Politics
Rosa Parks statue to be unveiled at Capitol
“Rosa Parks is typically honored as a woman of courage, but that honor focuses on the one act she made on the bus on December 5, 1955,” said Theoharis, a political science professor at Brooklyn College-City University of New York.
“That courage, that night was the product of decades of political work before that and continued decades after” in Detroit, she said.
Parks died October 24, 2005, at age 92. The U.S. Postal Service issued a stamp in her honor on February 4, which would have been her 100th birthday.

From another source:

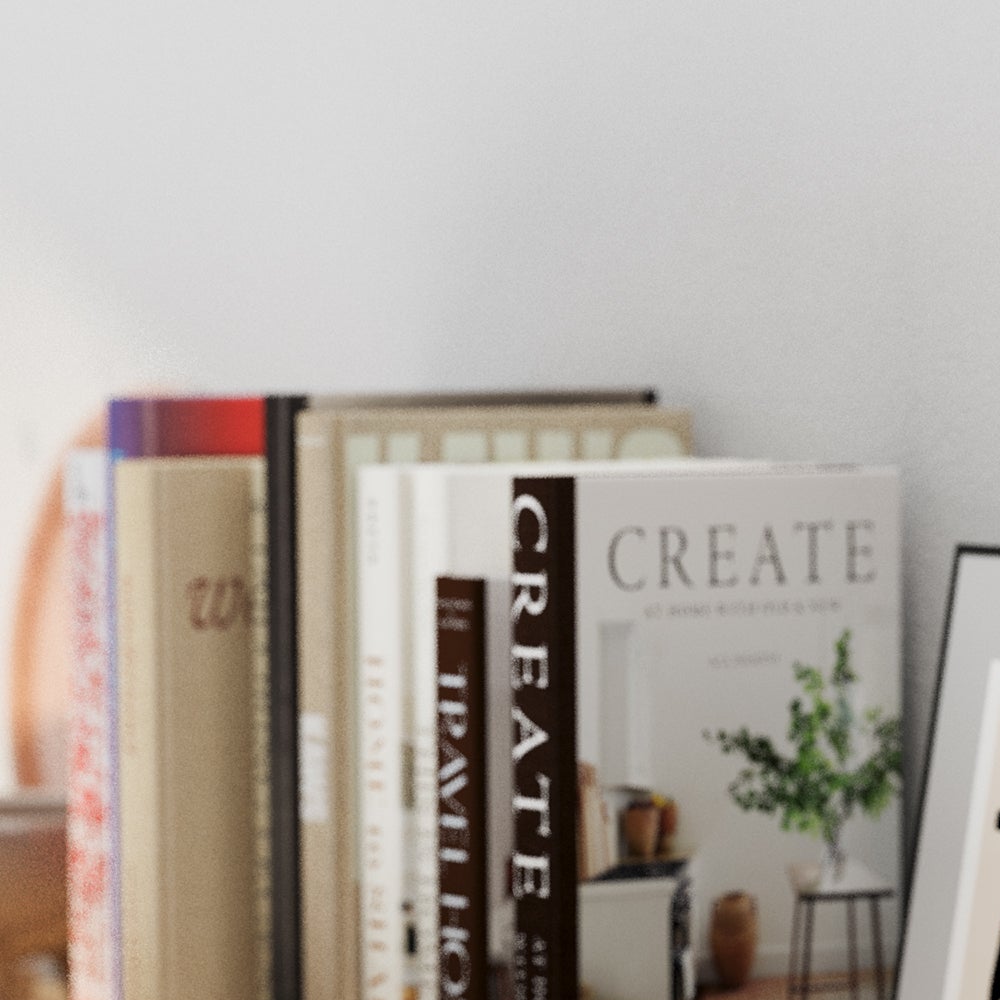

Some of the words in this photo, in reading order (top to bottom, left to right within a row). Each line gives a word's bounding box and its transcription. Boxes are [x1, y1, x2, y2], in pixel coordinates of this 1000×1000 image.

Parks was raised by her mother and grandparents who taught her that part of being respected was to demand respect, said Theoharis, who spent six years researching and writing the Parks biography.
She was an educated woman who recalled seeing her grandfather sitting on the porch steps with a gun during the height of white violence against blacks in post-World War I Alabama.
After she married Raymond Parks, she joined him in his work in trying to help nine young black men, ages 12 to 19, who were accused of raping two white women in 1931. The nine were later convicted by an all-white jury in Scottsboro, Alabama, part of a long legal odyssey for the so-called Scottsboro Boys.
In the 1940s, Parks joined the National Association for the Advancement of Colored People (NAACP) and was elected secretary of its Montgomery, Alabama, branch, working with civil rights activist Edgar Nixon to fight barriers to voting for blacks and investigate sexual violence against women, Theoharis said.